To this end it is enough to observe that $(T_H \phi_c)(x) = c^{-2 (1-h)^2} (T_H \phi_1)(x c^{2 h(1-h)})$, which is obtained via changing variables $y \to c^{-2(1-h)} y$. This scaling tells you that if $T_H \phi_c = \phi_c$, then $T_H \phi_1 = c^{-2(1-h)^2} \phi_1( x c^{2 h (1-h)} )$.

Thus it suffices to show that functional forms of $T_H \phi$ and $\phi$ are different for your purported function. So we set $c=1$ and change variables into $y \to t^{2(1-h)}$. This gives

$$ (T_H \phi)(x) = 2(1-h) \sqrt{\frac{2}{\pi}} \int_0^\infty t^{2(1-h)^2} \mathrm{e}^{-t} \exp(-\frac{x^2}{2} t^{-4 h (1-h)} ) \frac{\mathrm{d} t}{t} $$ The integral can be evaluate in terms of Fox H-function. Specifically, in terms of Mellin-Barnes integral:

$$ (T_H \phi)(x) =\sqrt{\frac{2}{\pi}} \frac{z^{2 \rho_h}}{2h} \frac{1}{2 \pi i} \int_{\gamma - i \infty}^{\gamma+i \infty} \left( \Gamma(s) \Gamma( -\rho_h + \frac{s}{\kappa_h} ) z^{-\frac{2s}{\kappa_h }} \right)\mathrm{d}s $$ where $\gamma$ is an arbitrary $\gamma > \rho_h \kappa_h$ and $z = \frac{x}{\sqrt{2}}$ and we introduced $\kappa_h = 4 h(1-h)$ and $\rho_h = \frac{1-h}{2 h}$.

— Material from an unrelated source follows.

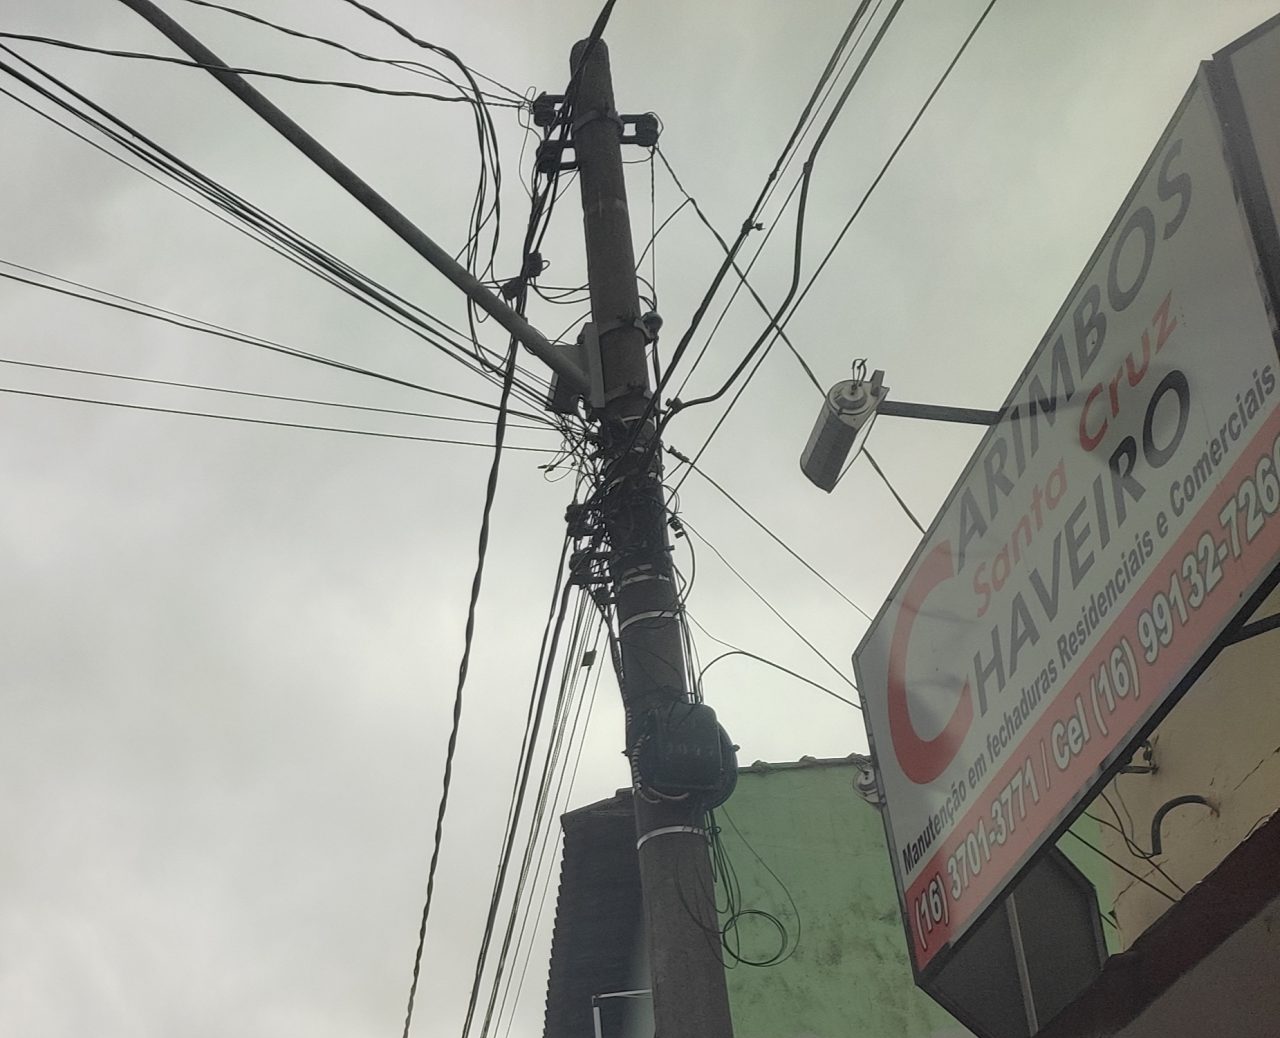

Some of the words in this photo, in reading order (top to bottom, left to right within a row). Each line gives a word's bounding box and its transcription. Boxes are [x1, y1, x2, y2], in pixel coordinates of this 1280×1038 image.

The Mellin-Barnes integral can be evaluated as the sum over poles of $\Gamma$ functions at $s= -k$ for $k \in \mathbb{Z}^+$ and at $s = \rho_h \kappa_h - k \, \kappa_h$, giving $$ \begin{eqnarray} (T_H \phi)(x) = \frac{z^{2 \rho_h} }{2 h} \sqrt{\frac{2}{\pi}} && \sum_{k=0}^\infty (- z^{\frac{2}{\kappa_h}} )^k \frac{\Gamma(-\rho_h - \kappa_h \, k )}{k!} + \\ \sqrt{\frac{4 \rho_h \kappa_h}{\pi}} && \sum_{k=0}^\infty (- z^{ 2 } )^k \frac{\Gamma(\rho_h \kappa_h - k \, \kappa_h )}{k!} \end{eqnarray} $$

When $h = \frac{1}{2}$, $\kappa_{1/2} = 1$ and $\rho_{1/2} = \frac{1}{2}$. Then the sums evaluate exactly:

$$ \begin{eqnarray} T_{1/2} \phi &=& \frac{x}{\sqrt{2}} \sqrt{ \frac{2}{\pi} } \sum_{k=0}^\infty (-\frac{x^2}{2})^k \frac{\Gamma(-\frac{1}{2}-k)}{k!} + \sqrt{ \frac{2}{\pi} } \sum_{k=0}^\infty (-\frac{x^2}{2})^k \frac{\Gamma(1/2-k)}{k!} \\ &=& -\sqrt{2} \sinh( \sqrt{2} x) + \sqrt{2} \cosh( \sqrt{2} x) = \sqrt{2} \, \exp( -\sqrt{2} x) \end{eqnarray} $$

It is also possible to evaluate these sums for rational values of $h$, but expressions involve hypergeometric functions and stop being so simple.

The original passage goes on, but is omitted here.